Expanding My Aperture: Learning Through Doing in the Agentic Coding Era
I've been pushing myself as of late to experiment with development in different environments, with different frameworks, with different modalities. With the ease of use of agentic coding, there seems to be no excuse not to expand my aperture or revisit areas of software development that I haven't touched in years or decades.
Lately, that's been delving into native applications on Mac OS or native applications on iOS and Android using web tech frameworks like Expo. I'm also digging into things like game development and wrapping my head around game design, which is in many ways a lot more pedantic and has a lot more need for deterministic clarity than some of the other interfaces I've designed for in the past.

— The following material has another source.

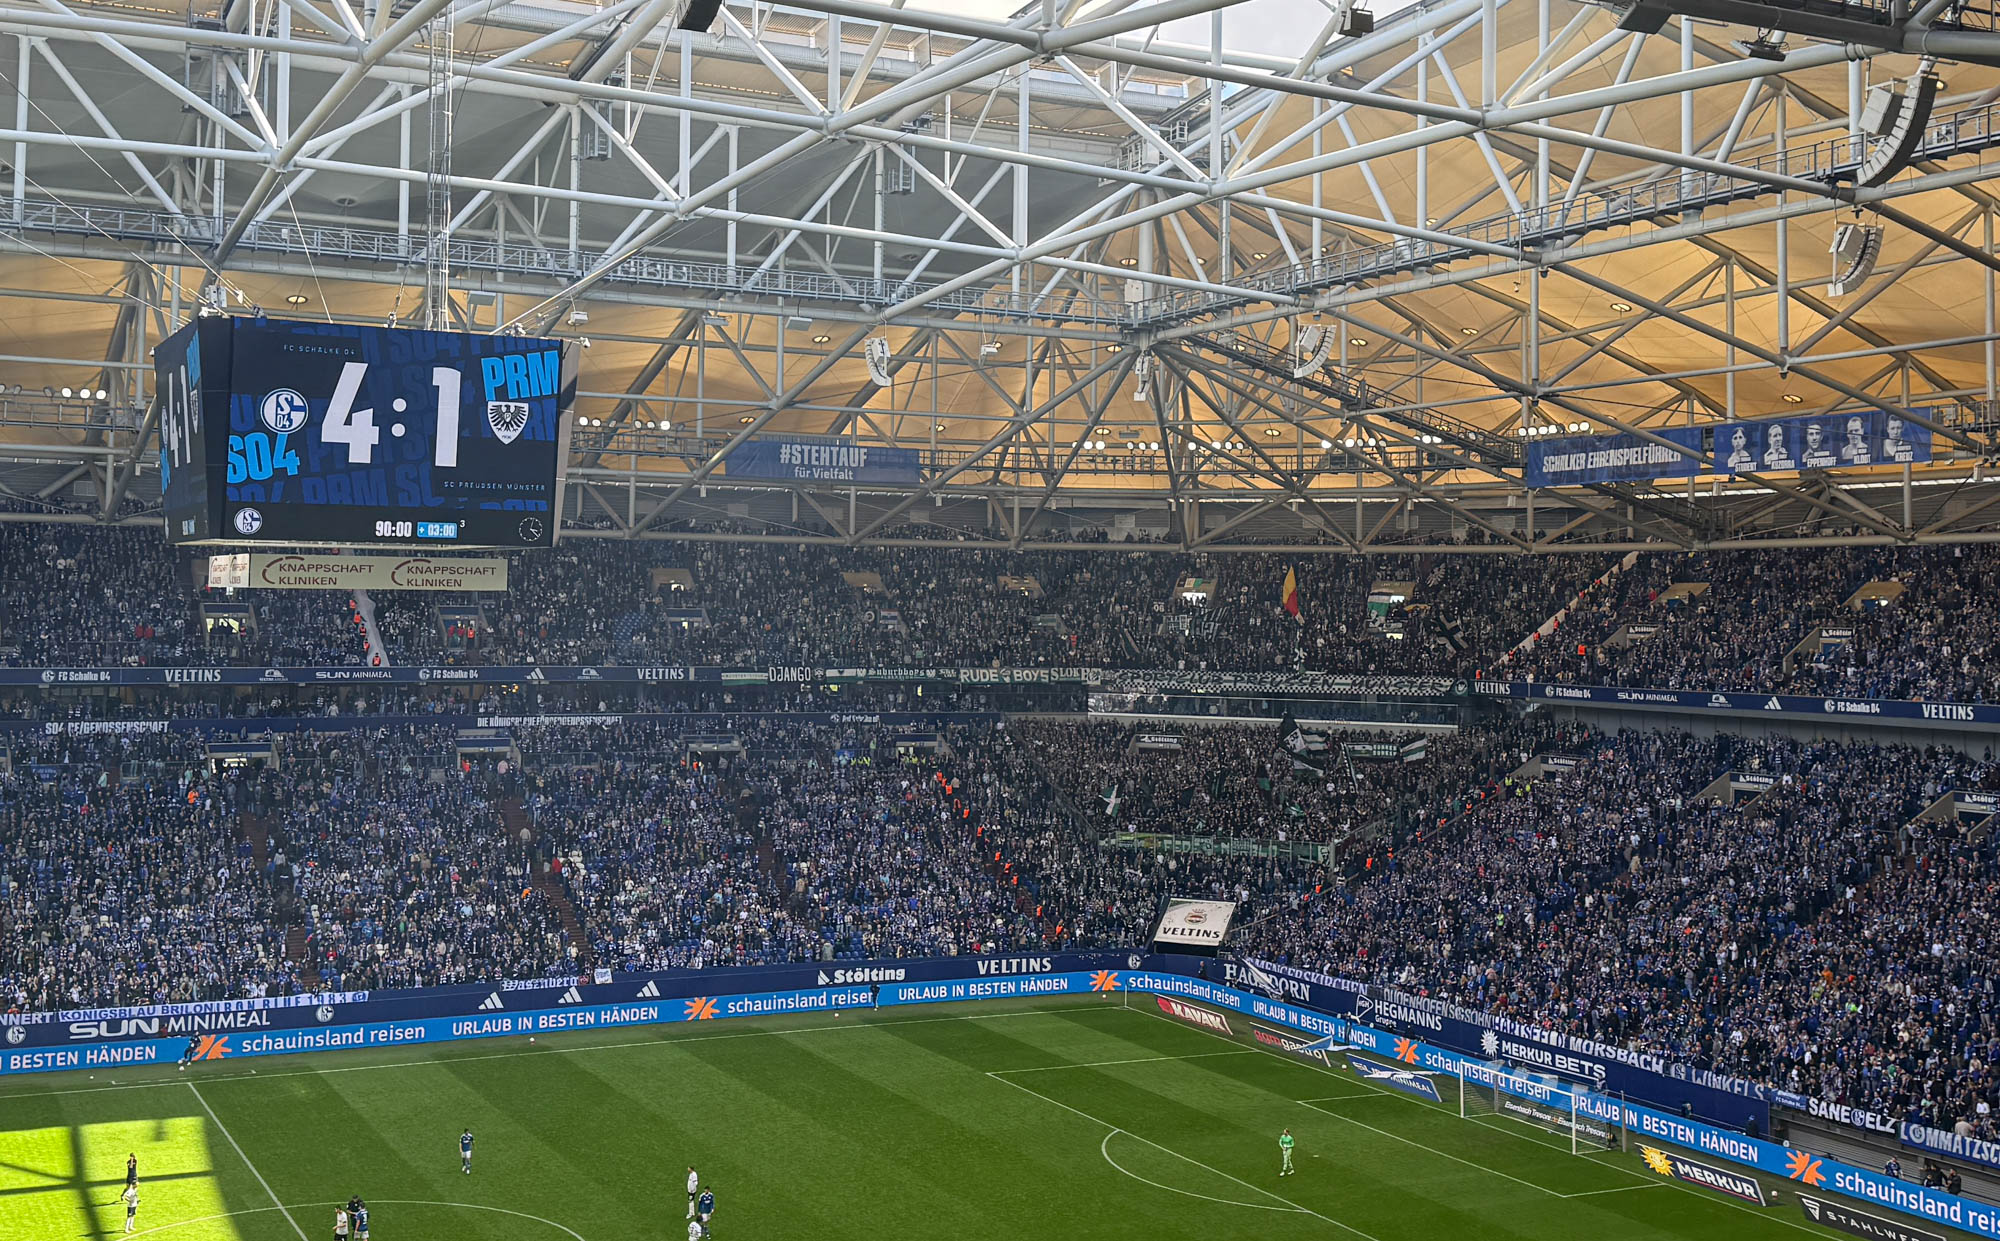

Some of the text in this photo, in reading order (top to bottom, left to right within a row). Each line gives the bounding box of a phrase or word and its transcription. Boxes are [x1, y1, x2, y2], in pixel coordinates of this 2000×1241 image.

It's an interesting thought exercise. As I step into the requirements for each of these, I really do have to go back to a first principles view or a jobs-to-be-done view, more so than wrapping my head around the nuances of the specific framework or platform. It's a good way to hone those product management skills or strategic marketing and product strategy ideation muscles.
These are napkin applications or single-use applications for myself, but it is a good way to stay on top of my game and move between areas of concern that I might have myopically ignored or just not used out of personal preference or where I've chosen to invest my time.
I really enjoy the educational factor here where I ask whatever my agenda tech IDE or CLI is to provide me with inputs on my own requirements before I get started requesting feedback loops on questions about either the application or service itself or how I might want to implement it and engage in user experience or technology trade-offs.
I've always been one to learn through doing, and the ease of spinning up applications and iterating them quickly in the agentic coding era certainly enables me to move faster in this learn-through-do feedback loop.